Try it | Apart from the pictures, the listing is to be returned exactly.

>>>

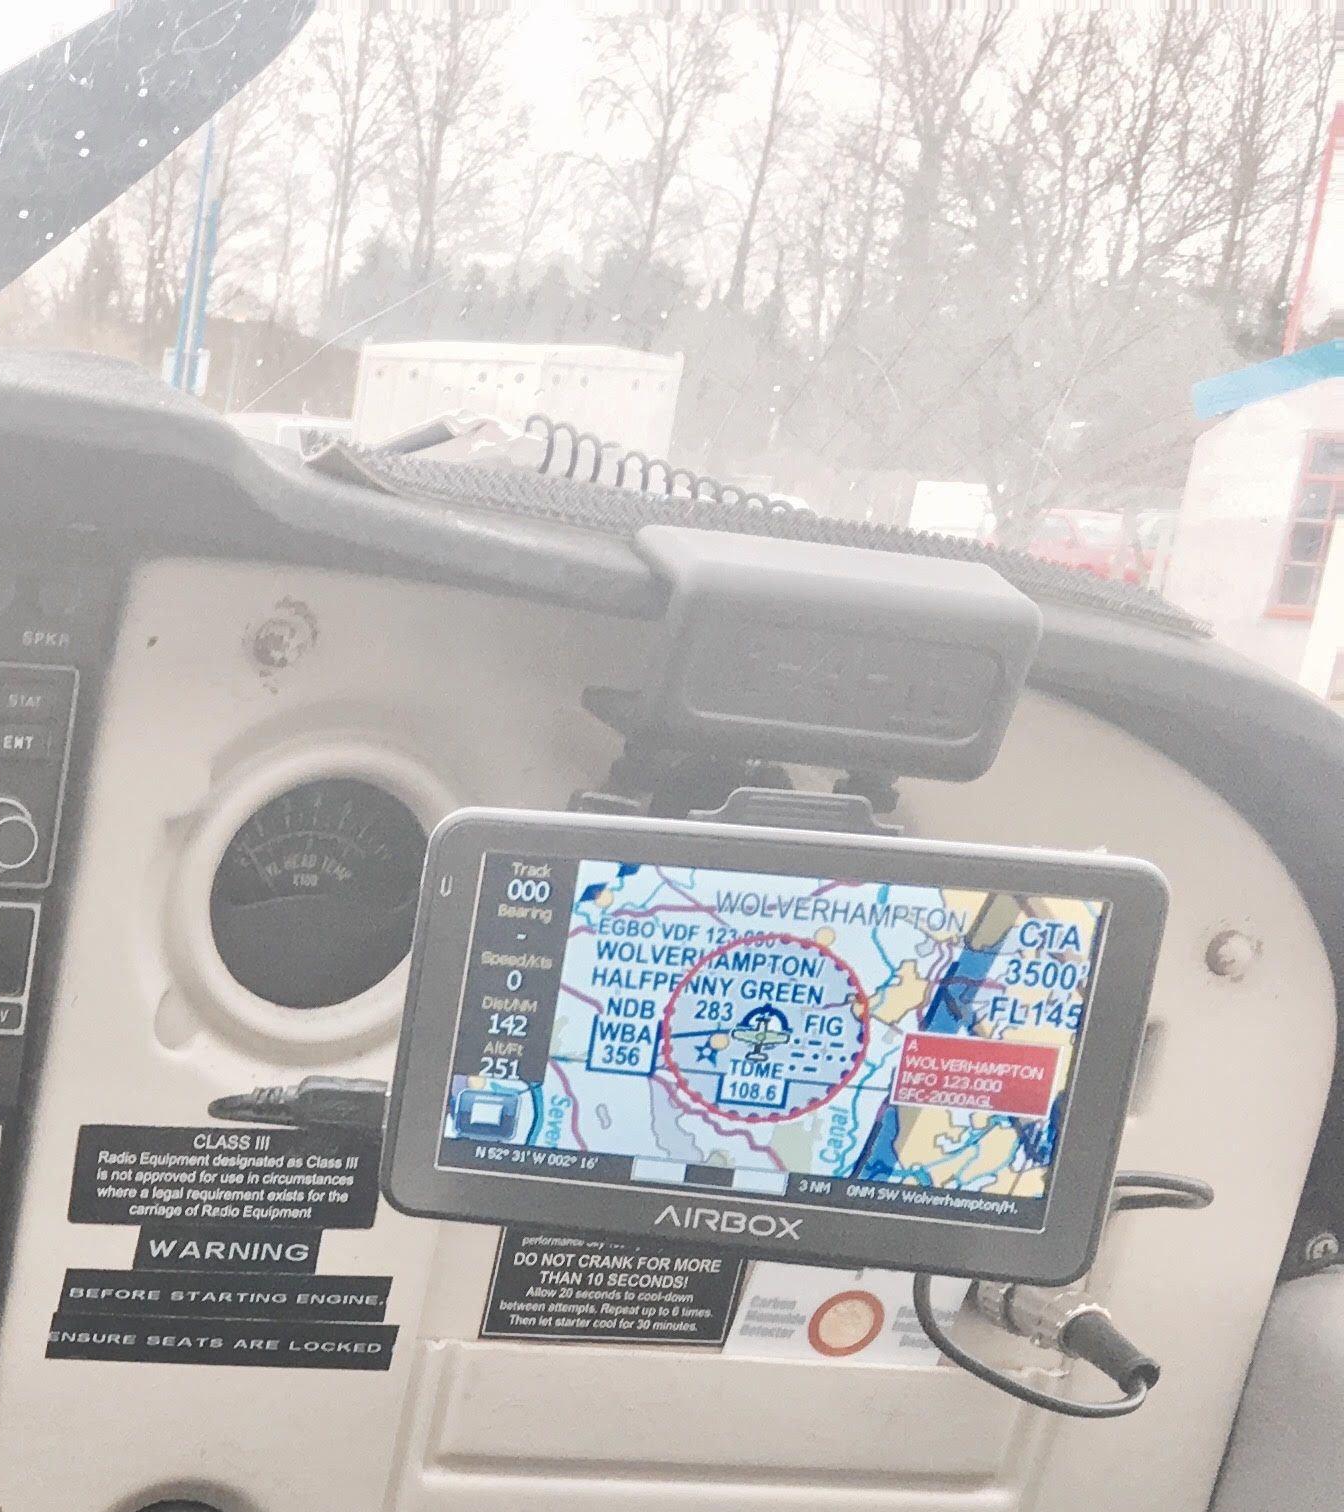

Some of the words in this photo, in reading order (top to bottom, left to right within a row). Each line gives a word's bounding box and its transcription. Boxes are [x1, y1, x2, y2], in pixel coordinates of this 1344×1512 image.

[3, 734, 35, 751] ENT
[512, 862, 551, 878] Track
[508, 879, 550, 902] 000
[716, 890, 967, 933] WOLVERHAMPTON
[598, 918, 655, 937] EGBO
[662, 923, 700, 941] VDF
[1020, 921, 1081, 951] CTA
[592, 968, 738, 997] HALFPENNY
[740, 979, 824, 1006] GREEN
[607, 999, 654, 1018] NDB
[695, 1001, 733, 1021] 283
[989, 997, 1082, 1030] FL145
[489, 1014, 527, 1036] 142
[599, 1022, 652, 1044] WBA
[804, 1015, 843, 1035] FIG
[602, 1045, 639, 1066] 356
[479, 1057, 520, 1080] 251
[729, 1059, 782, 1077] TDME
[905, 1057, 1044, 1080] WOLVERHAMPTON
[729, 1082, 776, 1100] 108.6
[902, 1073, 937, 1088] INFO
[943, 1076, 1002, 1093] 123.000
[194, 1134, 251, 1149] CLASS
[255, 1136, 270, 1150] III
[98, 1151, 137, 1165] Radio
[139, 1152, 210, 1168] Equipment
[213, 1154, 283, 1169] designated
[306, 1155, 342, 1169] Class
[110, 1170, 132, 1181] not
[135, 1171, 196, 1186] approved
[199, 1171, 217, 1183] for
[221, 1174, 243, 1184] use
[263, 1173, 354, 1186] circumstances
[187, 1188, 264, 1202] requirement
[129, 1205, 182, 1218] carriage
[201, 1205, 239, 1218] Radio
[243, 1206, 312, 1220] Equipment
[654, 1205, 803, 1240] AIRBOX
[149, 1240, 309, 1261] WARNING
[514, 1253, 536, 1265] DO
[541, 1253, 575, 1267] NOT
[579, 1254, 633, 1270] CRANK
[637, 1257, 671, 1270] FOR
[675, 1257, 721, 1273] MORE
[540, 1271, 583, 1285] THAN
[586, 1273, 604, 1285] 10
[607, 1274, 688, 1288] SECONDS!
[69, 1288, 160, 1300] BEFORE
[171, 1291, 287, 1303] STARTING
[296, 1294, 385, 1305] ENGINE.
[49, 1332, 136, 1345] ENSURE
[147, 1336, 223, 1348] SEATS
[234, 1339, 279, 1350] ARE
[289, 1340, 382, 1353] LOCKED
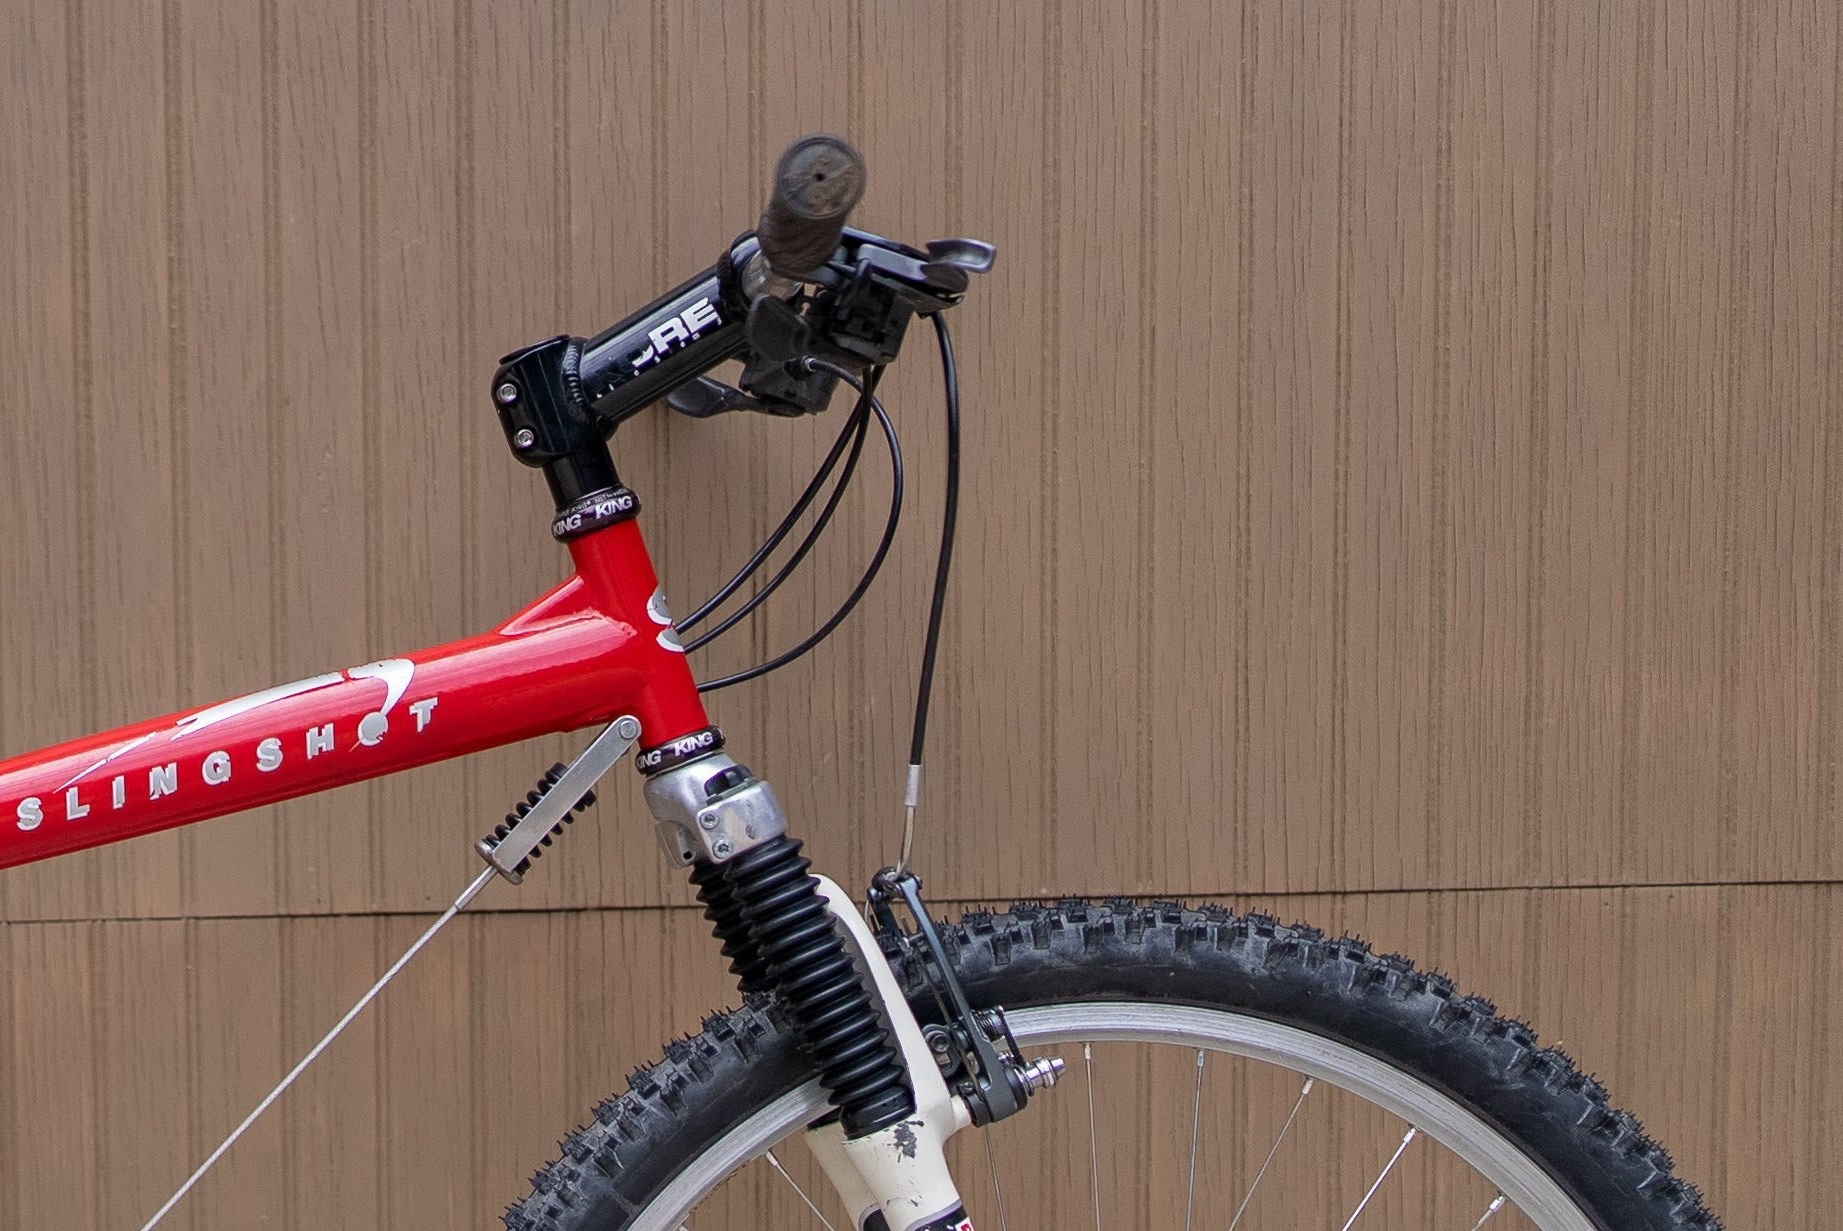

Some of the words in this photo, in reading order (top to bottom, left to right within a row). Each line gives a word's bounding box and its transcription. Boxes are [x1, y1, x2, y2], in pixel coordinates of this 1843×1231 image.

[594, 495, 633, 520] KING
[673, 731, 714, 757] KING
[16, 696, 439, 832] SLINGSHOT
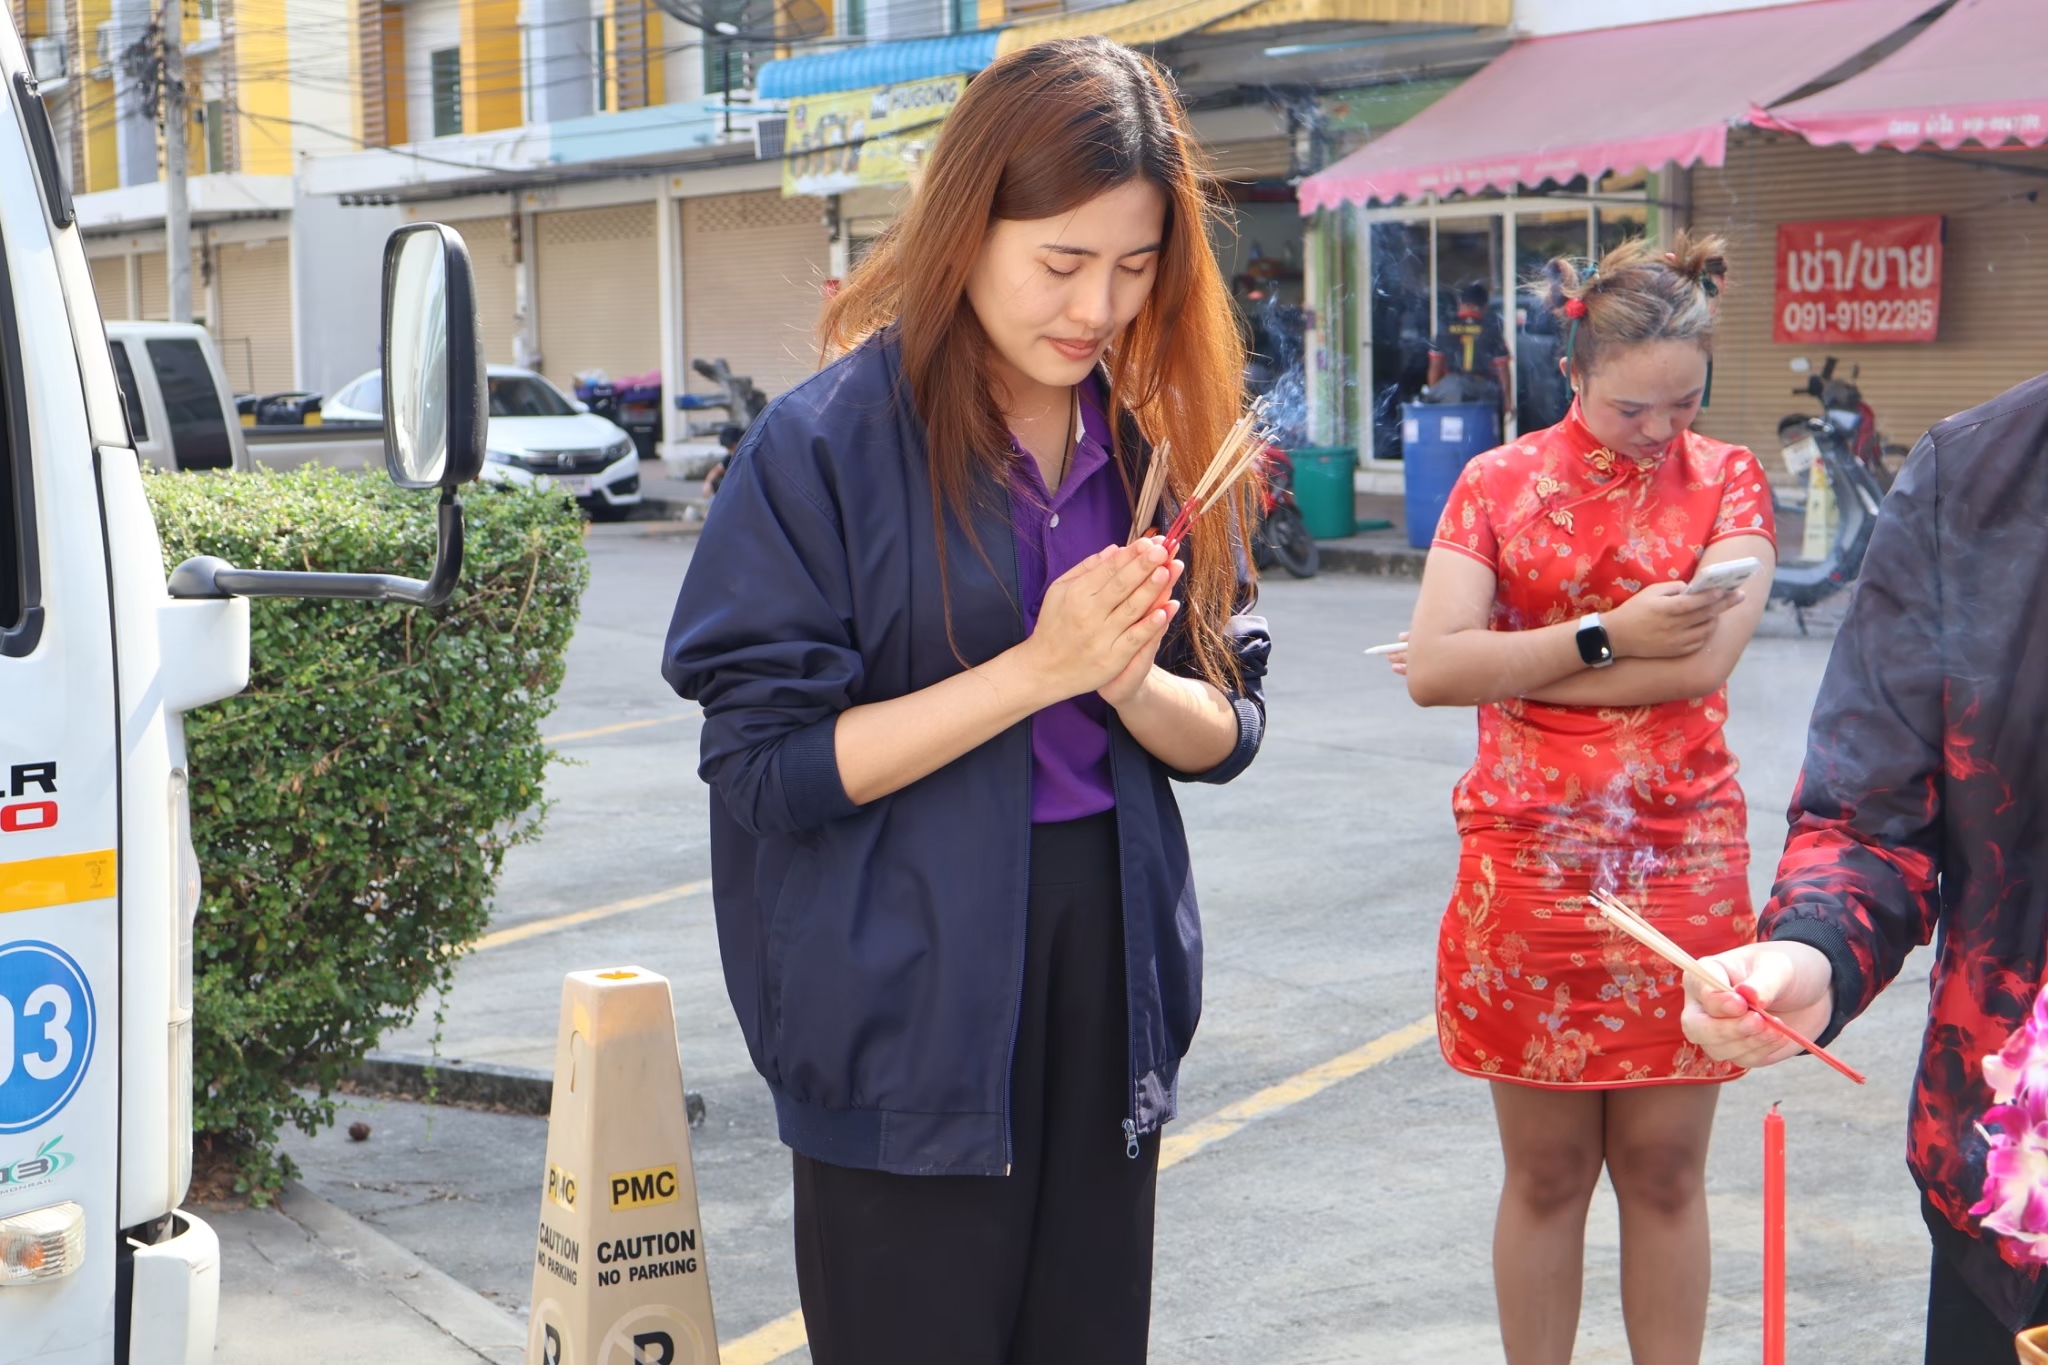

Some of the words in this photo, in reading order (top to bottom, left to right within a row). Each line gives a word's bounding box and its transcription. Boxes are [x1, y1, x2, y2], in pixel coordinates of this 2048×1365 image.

<<<

Answer space |
Some of the words in this photo, in reading order (top to bottom, left to right within a row). Each line gives a word's bounding box and its transcription. Boxes are [x1, y1, x2, y2], in pixel coordinates of this 1344×1512 image.

[3, 734, 35, 751] ENT
[512, 862, 551, 878] Track
[508, 879, 550, 902] 000
[716, 890, 967, 933] WOLVERHAMPTON
[598, 918, 655, 937] EGBO
[662, 923, 700, 941] VDF
[1020, 921, 1081, 951] CTA
[592, 968, 738, 997] HALFPENNY
[740, 979, 824, 1006] GREEN
[607, 999, 654, 1018] NDB
[695, 1001, 733, 1021] 283
[989, 997, 1082, 1030] FL145
[489, 1014, 527, 1036] 142
[599, 1022, 652, 1044] WBA
[804, 1015, 843, 1035] FIG
[602, 1045, 639, 1066] 356
[479, 1057, 520, 1080] 251
[729, 1059, 782, 1077] TDME
[905, 1057, 1044, 1080] WOLVERHAMPTON
[729, 1082, 776, 1100] 108.6
[902, 1073, 937, 1088] INFO
[943, 1076, 1002, 1093] 123.000
[194, 1134, 251, 1149] CLASS
[255, 1136, 270, 1150] III
[98, 1151, 137, 1165] Radio
[139, 1152, 210, 1168] Equipment
[213, 1154, 283, 1169] designated
[306, 1155, 342, 1169] Class
[110, 1170, 132, 1181] not
[135, 1171, 196, 1186] approved
[199, 1171, 217, 1183] for
[221, 1174, 243, 1184] use
[263, 1173, 354, 1186] circumstances
[187, 1188, 264, 1202] requirement
[129, 1205, 182, 1218] carriage
[201, 1205, 239, 1218] Radio
[243, 1206, 312, 1220] Equipment
[654, 1205, 803, 1240] AIRBOX
[149, 1240, 309, 1261] WARNING
[514, 1253, 536, 1265] DO
[541, 1253, 575, 1267] NOT
[579, 1254, 633, 1270] CRANK
[637, 1257, 671, 1270] FOR
[675, 1257, 721, 1273] MORE
[540, 1271, 583, 1285] THAN
[586, 1273, 604, 1285] 10
[607, 1274, 688, 1288] SECONDS!
[69, 1288, 160, 1300] BEFORE
[171, 1291, 287, 1303] STARTING
[296, 1294, 385, 1305] ENGINE.
[49, 1332, 136, 1345] ENSURE
[147, 1336, 223, 1348] SEATS
[234, 1339, 279, 1350] ARE
[289, 1340, 382, 1353] LOCKED

Some of the words in this photo, in reading order (top to bottom, left to right within a row). Each line gives a word's bounding box and its transcription. Boxes are [x1, y1, x2, y2], in pixel coordinates of this 1843×1231 image.

[594, 495, 633, 520] KING
[673, 731, 714, 757] KING
[16, 696, 439, 832] SLINGSHOT

Some of the words in this photo, in reading order (top to bottom, left to right within a row). Each line gives a word's bounding box and its transcription. Boxes are [x1, y1, x2, y2], in pixel coordinates of this 2048×1365 image.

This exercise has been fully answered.